女性の表現型を有する女性の核型におけるY染色体の決定は、性腺の腫瘍退化を防止するために性腺の両側の除去のための絶対的な指標である。

遅延性思春期の非薬物治療

遅れた思春期の中心的かつ憲法的な形を持つ少女たち - 仕事と休養体制への服従、身体活動の矯正、適切な栄養の維持と基本的な身体疾患の補償。

遅れた思春期の薬物療法

思春期に憲法上の遅れがある女児のビタミン - ミネラル複合体およびアダプトゲンの有効性に関する信頼できるデータはありません。DiPrの検査後、そのような子供の思春期の活性化が注目された。思春期の憲法上の遅れを持つ少女は、ホルモン補充療法のために一定の逐次レジームで性ホルモンを含む薬物で3-4ヶ月の治療コースを実施することができます。

非ホルモン療法として、性腺刺激ホルモン非依存性無月経症の患者は、個々に選択した抗ホモ毒性薬物または中枢神経系の機能を改善する薬物からなる複合体を推奨する。治療の経過は少なくとも6ヶ月でなければならない。さらなる戦略の選択は、生殖腺刺激ホルモン、エストラジオール、テストステロンの内容および子宮のサイズおよび卵胞濾胞装置の状態のモニタリングに関するデータのダイナミクスに基づくべきである。

毎日のエストロゲン療法ゲルに示す目的初期estrogenizatsii体の中で遅延思春期性腺発育障害のhypergonadotrophic形態を有する患者(Divigel、estrozhelら)、錠剤(proginova 1-2 mg /日、estrofem 2 mg /日とら。)またはパッチの形態(CLIMAR、estrodermら)又は毎日の結合型エストロゲン錠剤(プレマリン0.625 mg /日ら。)。毎日のエチニルエストラジオール錠剤(mikrofollin 25 mg /日)の適用は、現在による乳腺および子宮の有害な又は不十分な発展の可能性に限定されます。46.XY核型および性腺発育不全の患者では、エストロゲン薬ホルモン補充療法を受けている患者への性的腺の悪性変性のリスクが高いに二国間gonad-とtubektomii後に厳格でなければなりません。

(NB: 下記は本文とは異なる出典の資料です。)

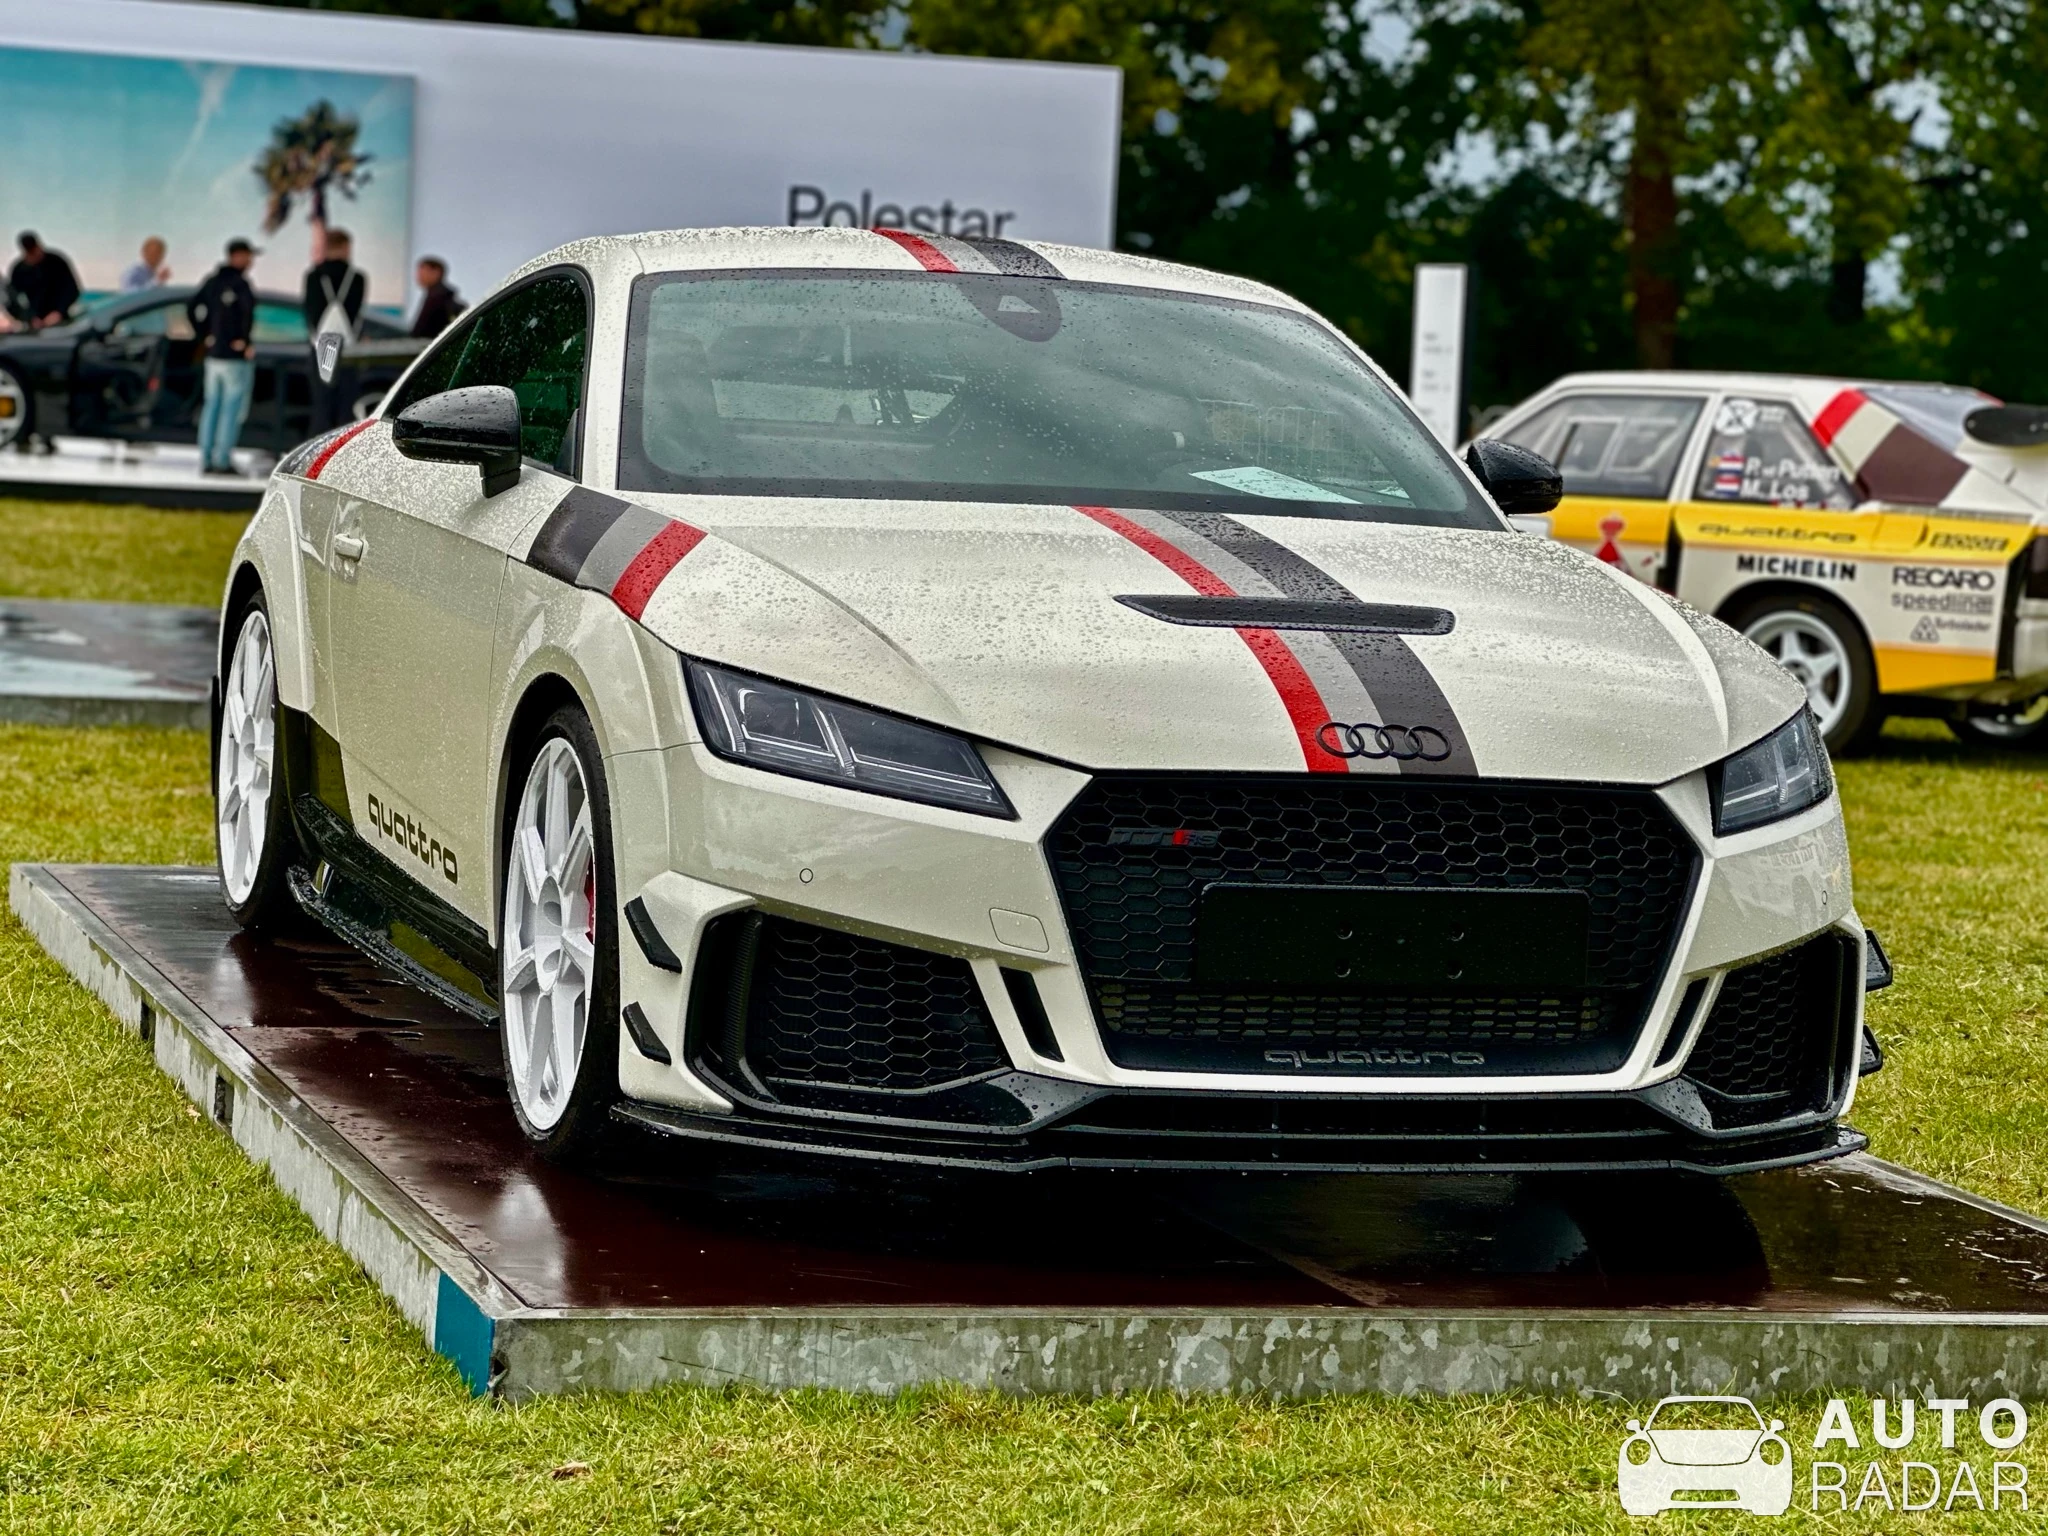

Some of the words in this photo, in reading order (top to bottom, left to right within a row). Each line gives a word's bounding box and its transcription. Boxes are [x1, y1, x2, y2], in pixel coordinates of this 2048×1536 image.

[788, 185, 1016, 238] Polestar
[1699, 523, 1856, 543] quattro
[1736, 554, 1857, 580] MICHELIN
[1892, 566, 1996, 591] RECARO
[367, 792, 458, 885] quattro
[1264, 1047, 1486, 1069] quattro

複合療法における正規menstrualnopodobnoe反応の出現は、環状モードでプロゲスチンを含む場合(djufaston(ジドロゲステロン)10-20 mg /日、utrozhestan(プロゲステロン)、酢酸メドロキシプロゲステロンの100〜200 mg /日または2.5~10ミリグラムの用量で/エストラジオール服用19日目〜28日目)。7日の間隔で21日間のモードで、かつ継続的に中断(femoston 2/10)なしのプロゲストゲン(DIVIN、klimonorma、tsikloproginova、クリム)との連続的な組み合わせでのエストラジオールの多分任命。二次的な性的特性の急速な出現と子宮の増加のために16歳以上の患者では、divvrenを適用することをお勧めします。乳腺の形成を促進するために、併用経口避妊薬の選定が推奨される。両方の場合において所望の結果を達成した後、一定の連続(逐次)レジメンで使用される薬物への移行が示される。

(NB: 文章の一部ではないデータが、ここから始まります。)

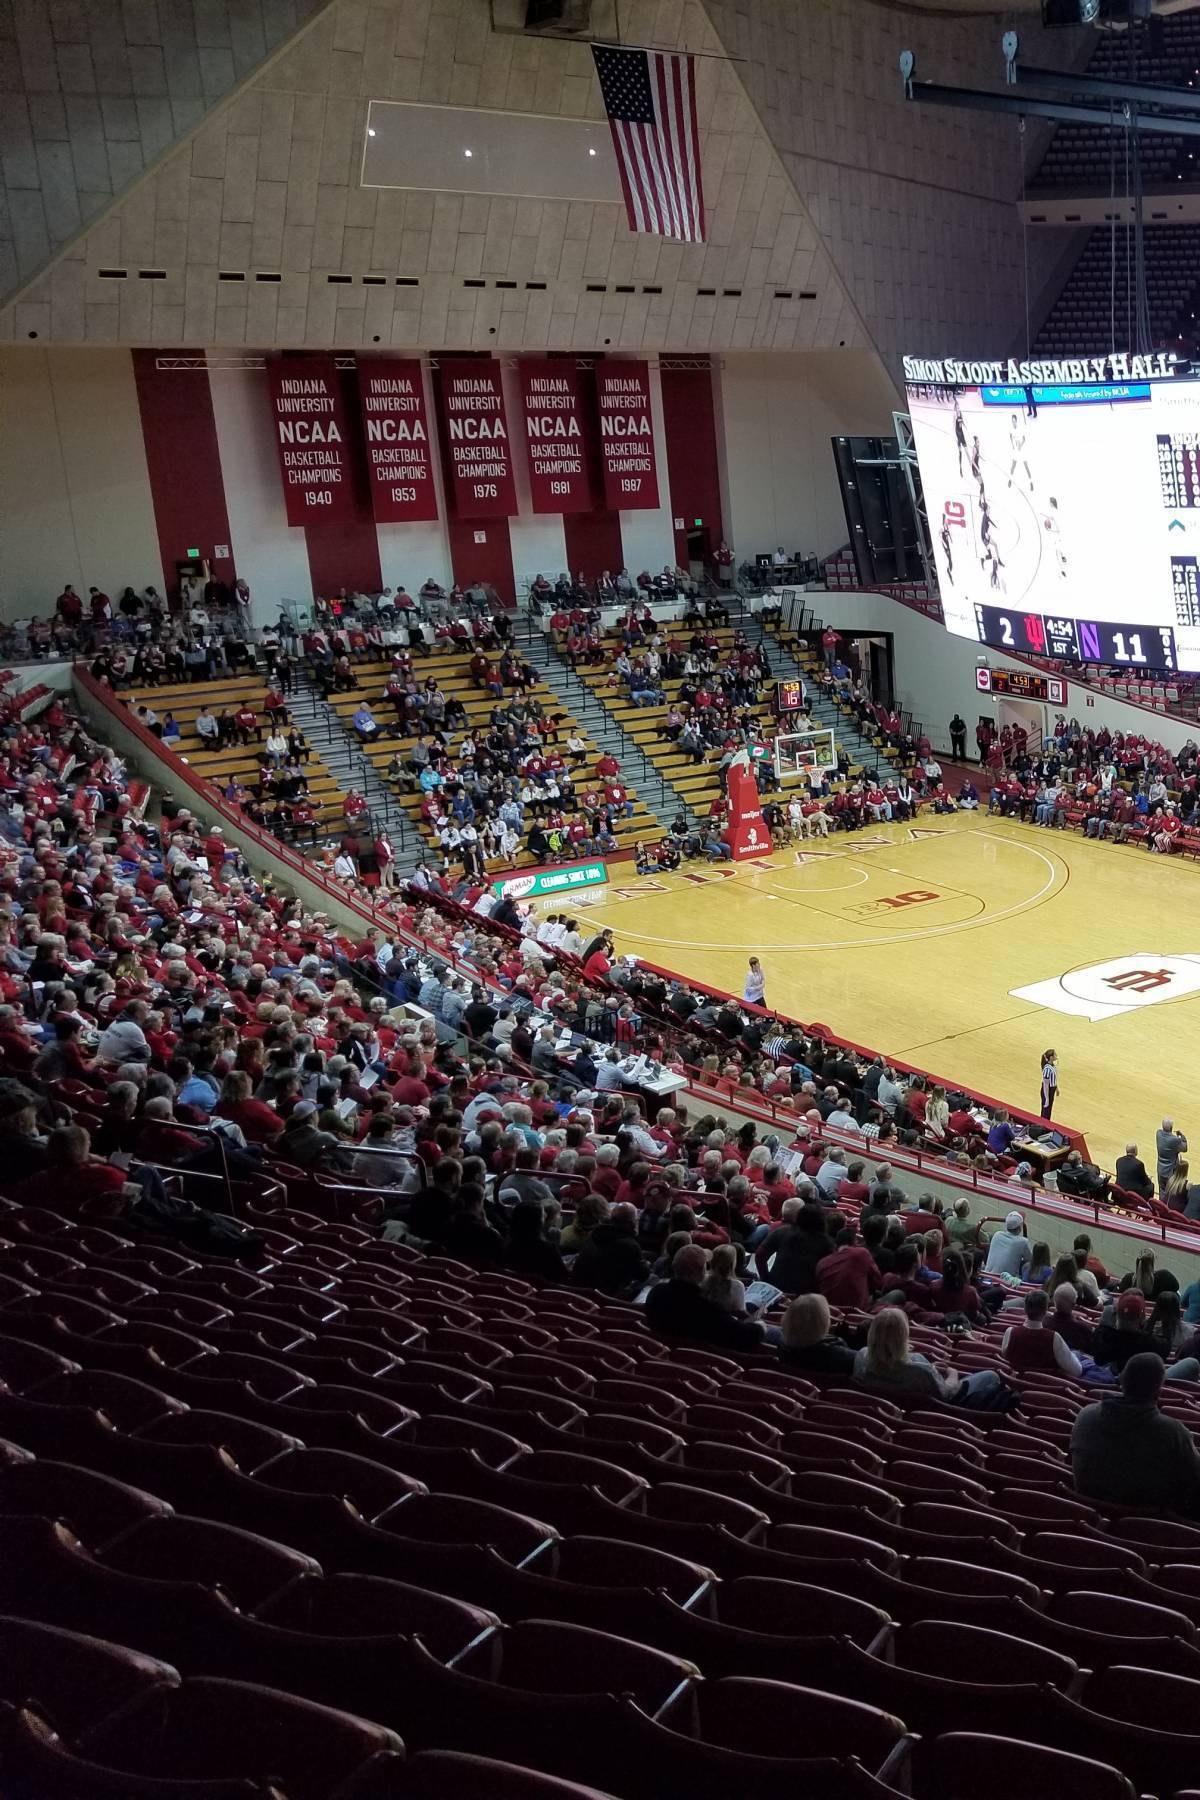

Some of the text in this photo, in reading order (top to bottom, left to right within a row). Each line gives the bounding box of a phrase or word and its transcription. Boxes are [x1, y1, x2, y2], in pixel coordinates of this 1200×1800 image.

ホルモン補充療法に加えて、骨ミネラル密度の低下を検出する場合、骨形成剤は1日3回1錠を1年に4〜6ヶ月間処方される。薬物は、成長ゾーンの閉鎖まで、XY-生殖腺異形成のデンシトメトリーの制御下で、骨年齢の制御下で採取される。カルシウム製剤で6ヶ月間の治療を行うことをお勧めします.napekel D 3、D-Nycomedカルシウム、Vitrum Osteomag、calcium-Sandoz forte。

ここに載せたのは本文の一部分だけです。